To further analyze transcriptome profiles across the stages of human terminal erythroid differentiation, we analyzed RNA-seq data using edgeR, a Bioconductor software package for examining differential expression of replicated count data.20-22 Pairwise comparisons of all adjacent stages of differentiation were performed. Large numbers of genes were differentially expressed at different stages of erythroid differentiation; of the 9931 genes expressed in 3 or more samples, more than a quarter (2702) were differentially expressed (false discovery rate [FDR] <0.01, fold change >4; supplemental Table 3). The greatest changes in differential gene expression were seen between the late basophilic to polychromatic and the polychromatic to orthochromatic stages (Figures 2A and 3A), demonstrating that the most dramatic changes occur at the late stages of terminal differentiation.

Figure 2

Global differential gene expression between stages of human and murine terminal erythroid differentiation. Expression values of genes differentially expressed between differentiation stages are shown in heat map format. The red, white, and blue colors represent higher than average, close to average, and lower than average expression of a particular gene, respectively, as measured by row standardized Z-scores. The rows are organized by hierarchical clustering using agglomerative clustering with complete linkage and Euclidian distance metric. (A) Human. (B) Mouse. In human, there are varying patterns of coordinate gene expression. In contrast, in mouse, the majority of genes have a pattern of decreasing expression during terminal erythroid differentiation. The results from analyses in human (A) and mouse (B) were obtained in independent analyses. (C) Combined analyses. A combined data set of orthologous genes from each differentiation stage of terminal erythroid differentiation in human and mouse was created. Hierarchical clustering to identify groups of genes with similar and different patterns of gene expression between species was performed.

Figure 3

Bar plot representation of differential gene expression at different stages of human terminal erythroid differentiation. (A) Human. The greatest changes in differential gene expression were seen between the late basophilic to polychromatic and the polychromatic to orthochromatic (Ortho) stages. (B) Mouse. The greatest changes in differential gene expression were seen between proerythroblast to basophilic and polychromatic to Ortho erythroblast stages, with genes being downregulated predominating between both stage transitions.

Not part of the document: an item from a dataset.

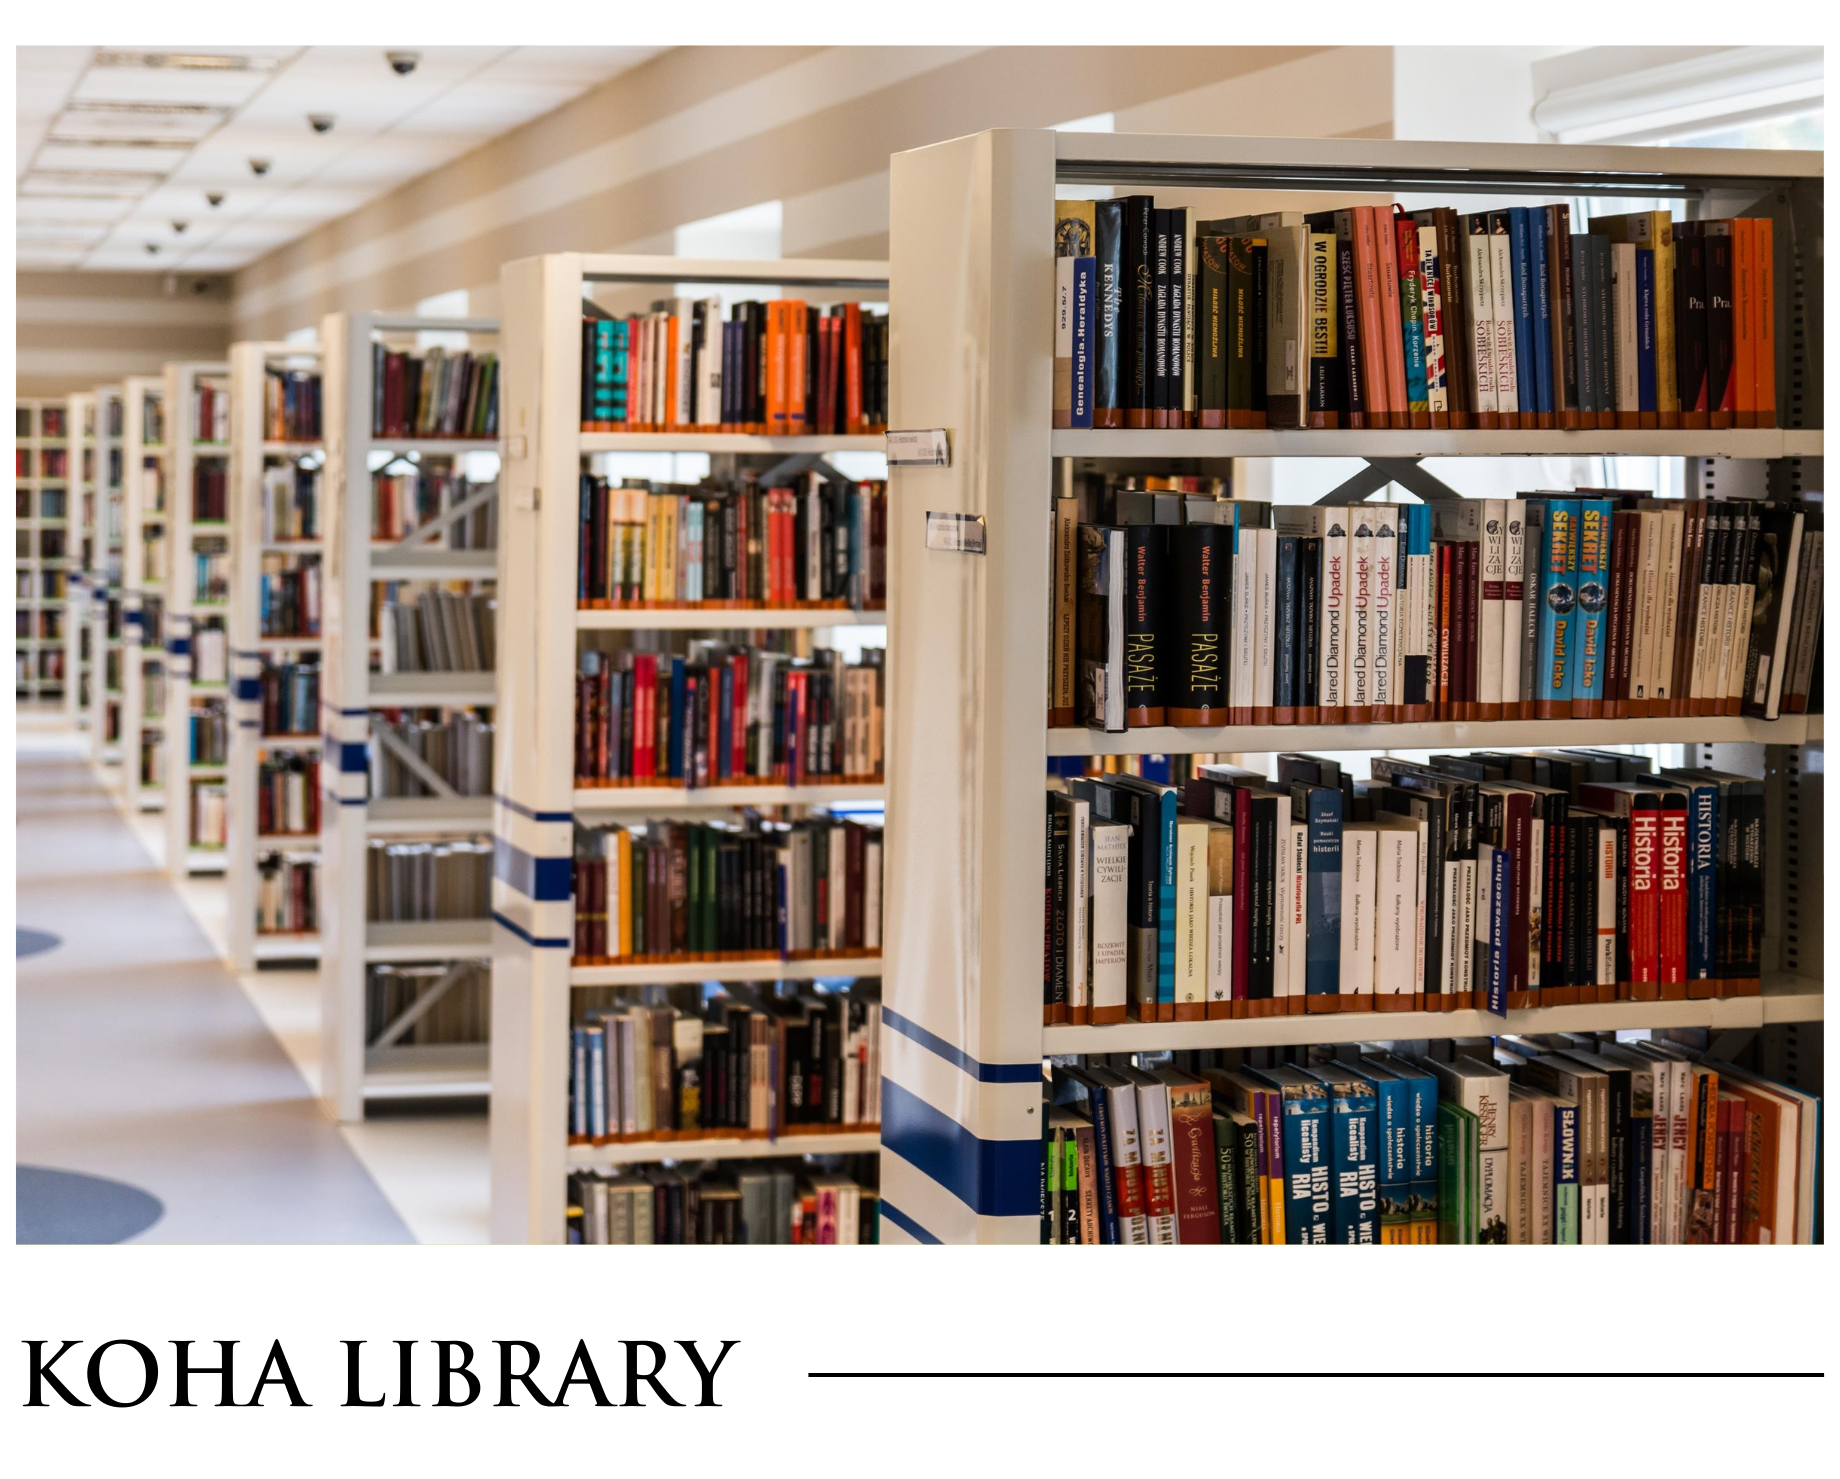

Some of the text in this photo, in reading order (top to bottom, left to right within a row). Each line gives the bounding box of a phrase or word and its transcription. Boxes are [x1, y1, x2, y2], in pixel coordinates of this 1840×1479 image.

Venn diagram analyses revealed that differentially expressed genes found in 1 comparison were sometimes, but not usually, found in other comparisons (supplemental Figure 4), demonstrating there are stage-specific changes in differential gene expression.

Differentiation stages are transcriptionally enriched for genes of differing function

We analyzed the expression patterns of all differentially expressed, coregulated genes from the adjacent stage pairwise comparisons using k-means clustering. The differentially expressed genes clustered into 6 major groups, demonstrated in heat map and graphical format, based on patterns of expression at the differing time points (Figure 4). Two patterns revealed low- to mid-range levels of expression in proerythroblasts, increasing during differentiation (groups 1 and 2), whereas 2 patterns demonstrated high levels of expression in proerythroblasts, decreasing during differentiation (groups 3 and 4).The final 2 patterns were V-shaped mirror images, with either a peak or a nadir at the polychromatic erythroblast stage (groups 5 and 6).

Figure 4

Clusters of gene expression across stages of human terminal erythroid differentiation. Differentially expressed, coregulated genes from adjacent stage pairwise comparisons were analyzed using k-means clustering. This identified 6 major groups, demonstrated in heat map and graphical format, based on patterns of expression at different stages. GO analysis of differentially expressed genes within clusters identified the top associated enriched GO terms with corresponding enrichment P values, shown on right.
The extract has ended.